Tough reforms for Germany

January 23, 1998

GERMAN students went on strike in many cities last autumn. Unlike student strikers of more "revolutionary" times, they were not demanding fundamental changes in society, but simply reform of higher education.

The strikes had mass appeal, but were conducted in an orderly and focused manner. Moreover, the students were joined by politicians proclaiming sympathy from all the main parties. So what was all the fuss about? Could Germany not just get to work and, indeed, reform higher education?

The demand was not new. Detlef Muller-Boling, director of the Centre for the Development of Higher Education in Gutersloh, argued in The THES in August 1995 that rigid institutional structures, inequality and an administrative and legal corset were stifling initiative. Far-reaching reform was necessary.

Any one who knows German higher education can hardly disagree. The quality of teaching is generally low. The number of foreign students is decreasing. Even research is suffering measurably. Nevertheless, Professor Muller-Boling ended on an optimistic note: the financial strain that had produced the crisis could force German states to be innovative in running higher education. While this would not be an all-out reform, a more diversified system might eventually be better able to renew itself.

Why are the structures so rigid? First, almost all institutions, with the exception of a few business schools and one small university, are public owned. Even the one private university receives hefty subsidies from public coffers. Second, higher education is a mirror of West Germany's postwar consensus society. Under the decentralised post-1945 constitution, the Lander or states control higher education. The federal government provides funds for infrastructure, research and the living expenses of eligible students; the states pay salaries, operating expenses and a share of the research funds.
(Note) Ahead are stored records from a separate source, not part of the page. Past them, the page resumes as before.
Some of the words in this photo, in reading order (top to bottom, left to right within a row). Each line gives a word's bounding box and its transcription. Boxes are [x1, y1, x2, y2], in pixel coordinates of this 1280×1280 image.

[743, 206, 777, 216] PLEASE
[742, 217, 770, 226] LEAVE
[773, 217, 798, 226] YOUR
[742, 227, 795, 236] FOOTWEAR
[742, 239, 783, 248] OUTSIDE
Third, many Germany professors still cultivate a detached air. Assistants often conduct their lectures, teaching loads are extremely low and performance standards are mostly non-existent.

Since 1970, the number of new students a year has roughly doubled from 170,000 to 330,000, and so have absolute student numbers. There are about 15 per cent more scientific personnel. Higher education spending, as a share of gross domestic product, meanwhile has declined by roughly 20 per cent.
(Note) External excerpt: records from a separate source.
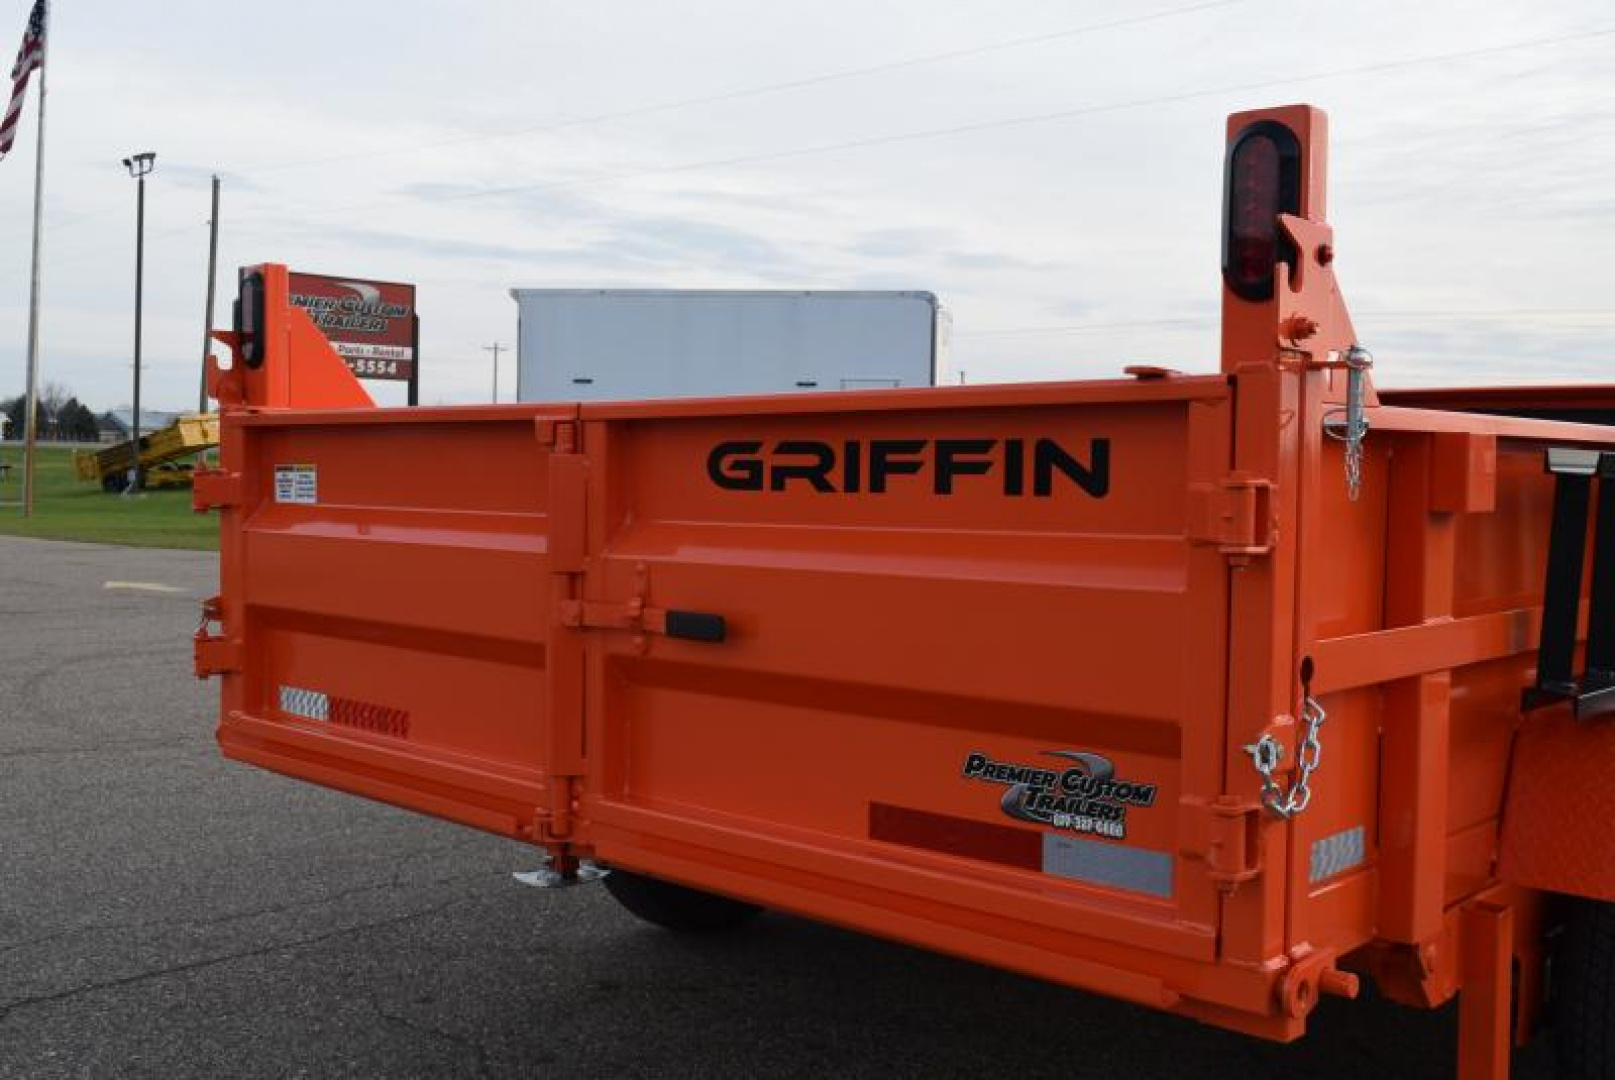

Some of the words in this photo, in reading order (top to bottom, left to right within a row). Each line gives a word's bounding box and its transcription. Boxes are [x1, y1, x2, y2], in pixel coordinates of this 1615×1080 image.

[706, 437, 1111, 499] GRIFFIN
[964, 754, 1058, 786] PREMIER
[1060, 766, 1155, 805] CUSTOM
[1022, 785, 1125, 820] TRAILERS
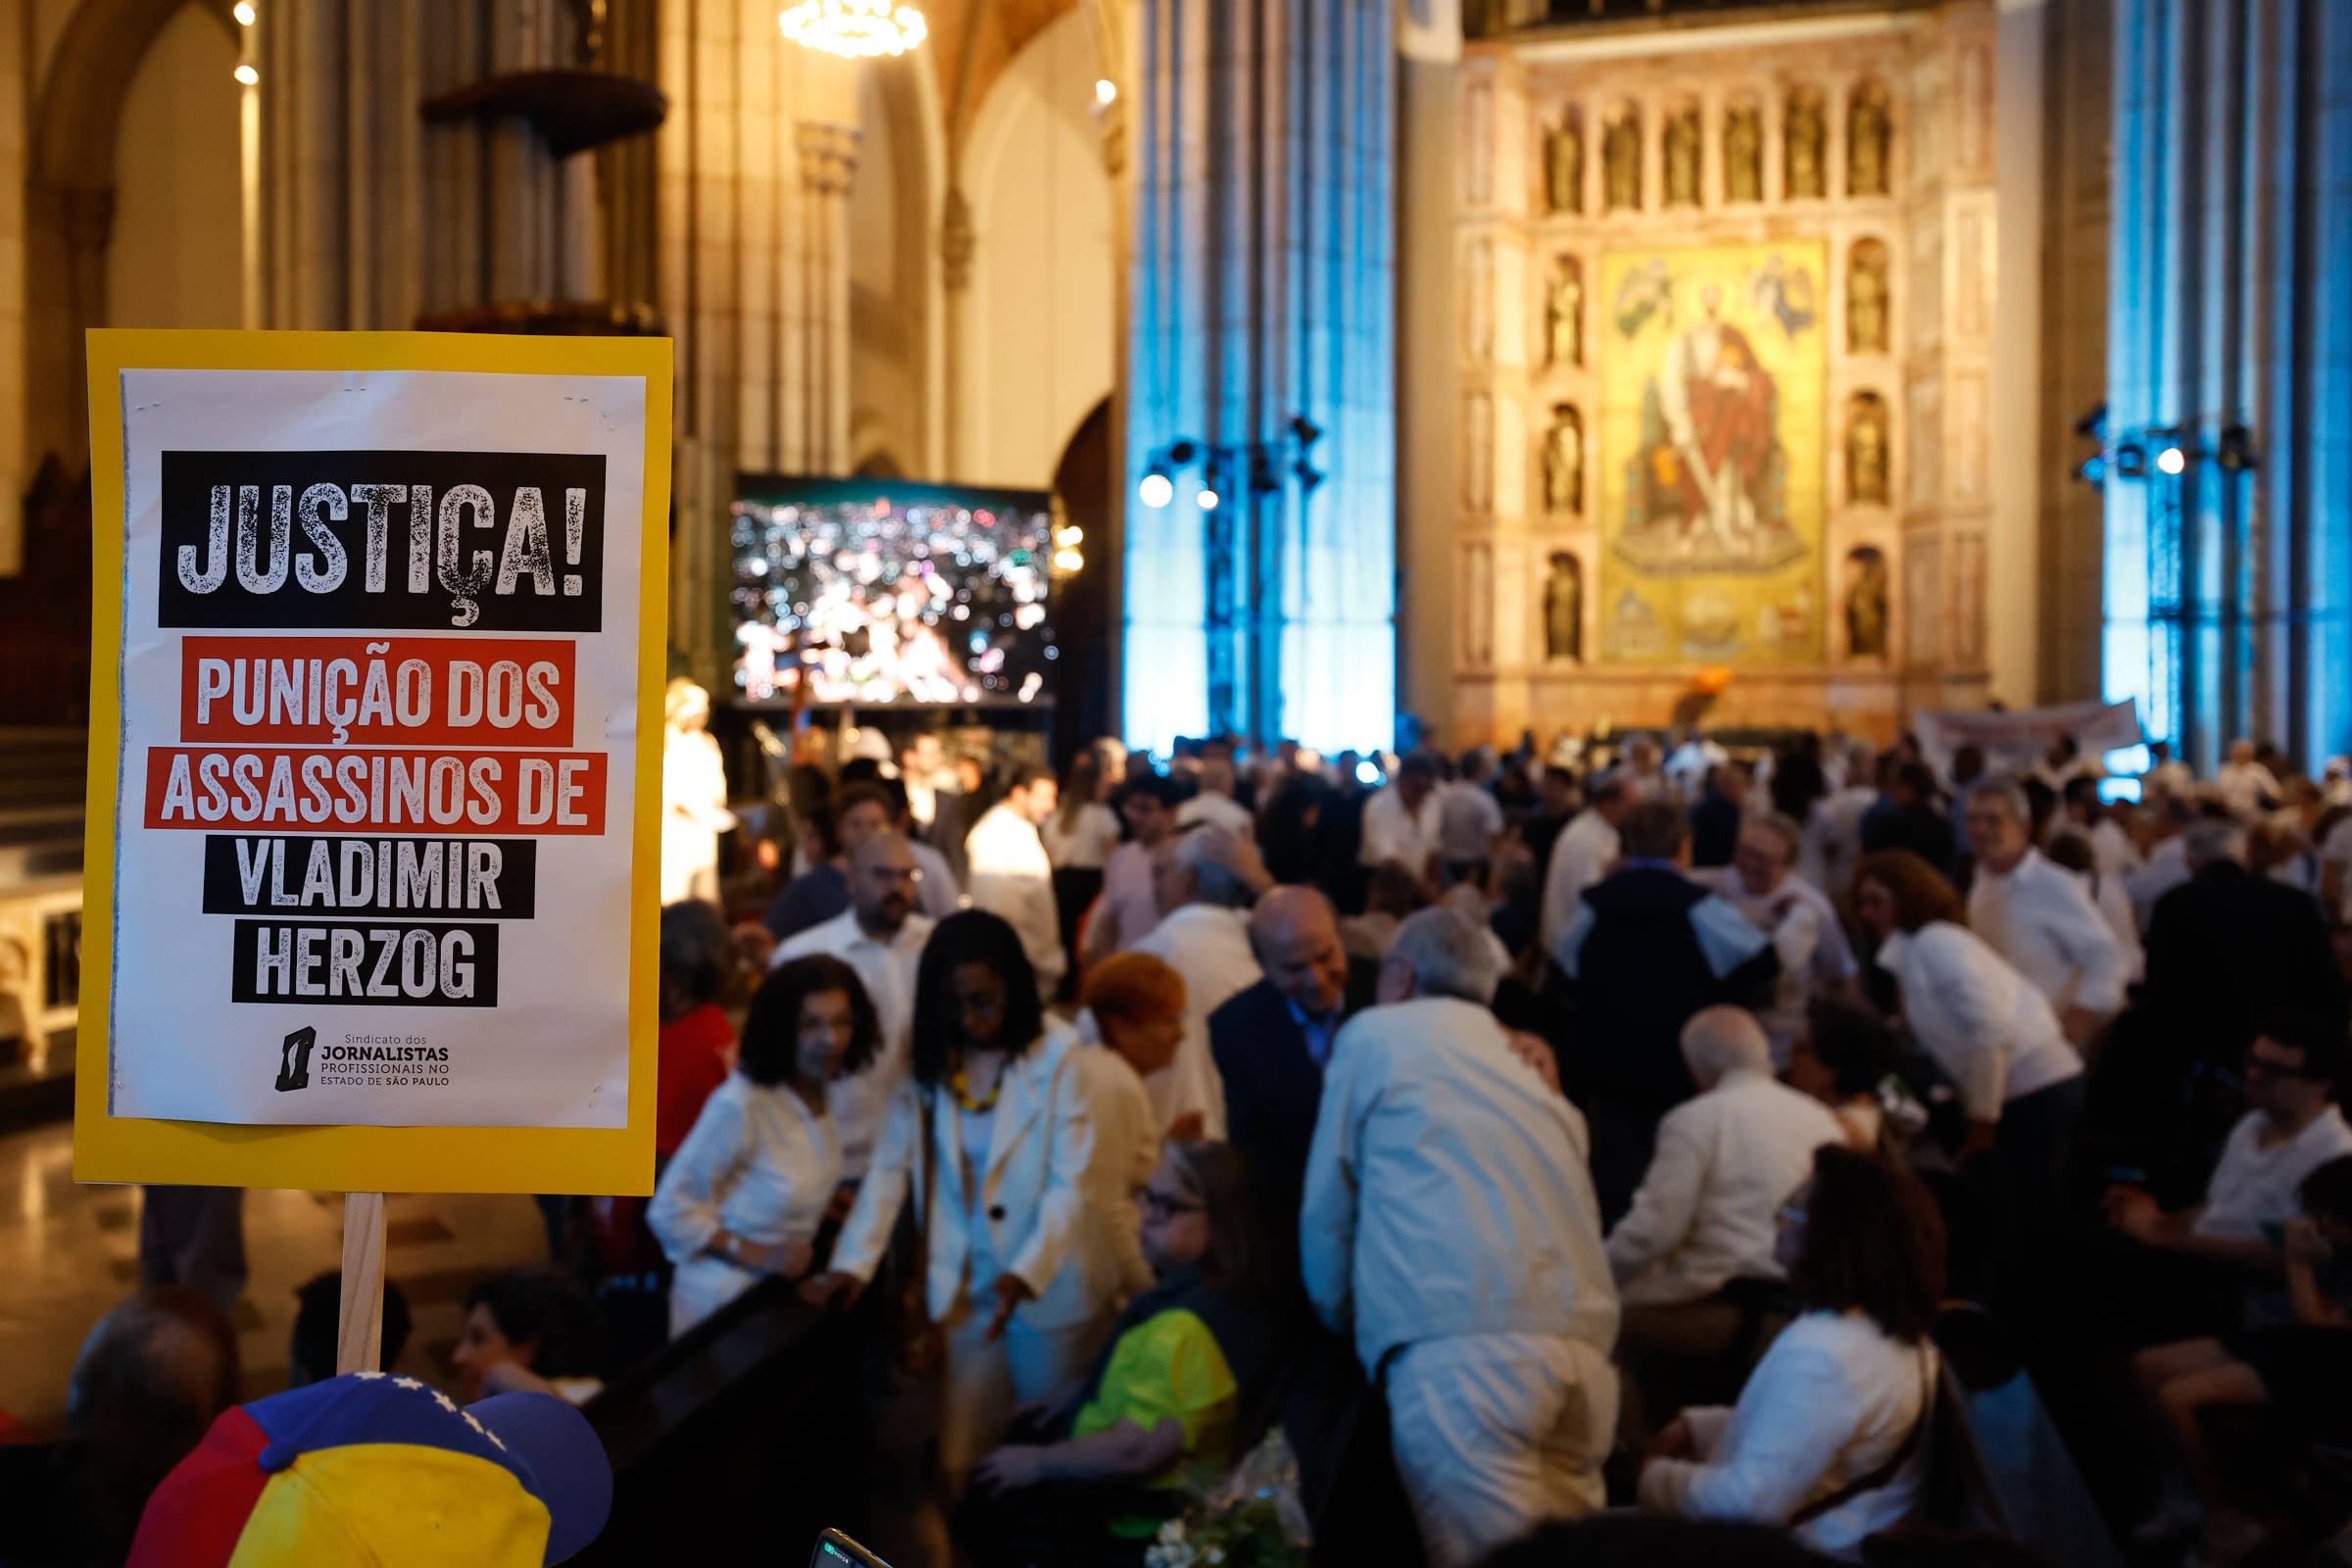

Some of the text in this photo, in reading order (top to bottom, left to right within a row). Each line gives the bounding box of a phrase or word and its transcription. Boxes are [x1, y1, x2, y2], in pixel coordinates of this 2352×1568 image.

In 1997, the federal ministry for education and research and the Lander finally agreed on a reform of the federal framework law for higher education, the Hochschulrahmen-gesetz. Paradoxically, the reform solved some of the problems by not addressing them. The law will encourage innovation and diversity of institutions and introduce an element of inter-institutional and inter-state competition.

But the scope for reform is still narrow. The states are allowed to experiment with various financing regimes - formula-based funding and the management structure for universities and polytechnics.
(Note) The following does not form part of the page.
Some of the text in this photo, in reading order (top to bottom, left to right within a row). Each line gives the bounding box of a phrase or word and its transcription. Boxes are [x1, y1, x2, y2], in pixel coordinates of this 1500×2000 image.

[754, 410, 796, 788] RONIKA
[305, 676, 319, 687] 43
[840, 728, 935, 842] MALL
Some of the most pressing issues, however, are not addressed. The issue of tuition fees, for example, has largely been avoided. Students' financial contribution remains marginal and the system will remain state-financed. Admission policies have not been addressed. Students who have passed their Abitur will still be distributed by a central agency according to capacity and social concerns, not according to performance. Institutions will not be able to select students, making inter-institutional competition a toothless tiger. Finally, professors and employees will remain lifelong state employees, thus further reducing incentives for performance and change.

In early November, President Herzog, a professor of constitutional law before becoming a state minister, president of the supreme court and ultimately the holder of the highest office in Germany, said: "Our universities are not good enough nor fast enough any more. This message should hit our country as the Sputnik shock hit the United States in 1957. Cosmetic surgery won't do."

He called for an education system that was international, diverse, allowed for competition and an efficient use of resources.

A few weeks after this speech, the student strikes materialised. Will this confluence of events be sufficient to produce the necessary change? Financial necessity will force the Lander to experiment. In Lower Saxony, a central evaluation agency will start its work. Northrhine-Westfalia and other states are experimenting with formula-based financing regimes. Bavaria will relinquish state control and allow institutions to introduce boards of trustees similar to those of US universities. In Baden-Wurttemberg, students will have to pay some tuition fees if they study longer than the normal course of study would take. The state also allows some universities to select up to 40 per cent of their students - an almost revolutionary step in Germany.

All this is encouraging. It is also unlikely that the chain of reforms will come to a grinding halt. Of greater concern is the speed with which reform is possible. Every year counts for a nation as dependent on the international economy and its human capital as Germany. Its competitive industries are still largely those of the late 19th century - automobiles, machine tools, chemical, optoelectronics. Innovative approaches are necessary in today's global economy, but they are exceedingly rare. I am afraid that much more remains to be done to produce the big bang that will help make Germany fit for the 21st century. Mr President, please keep pushing! Students, keep on striking!

Max Otte is global higher education specialist for Arthur D Little International Inc.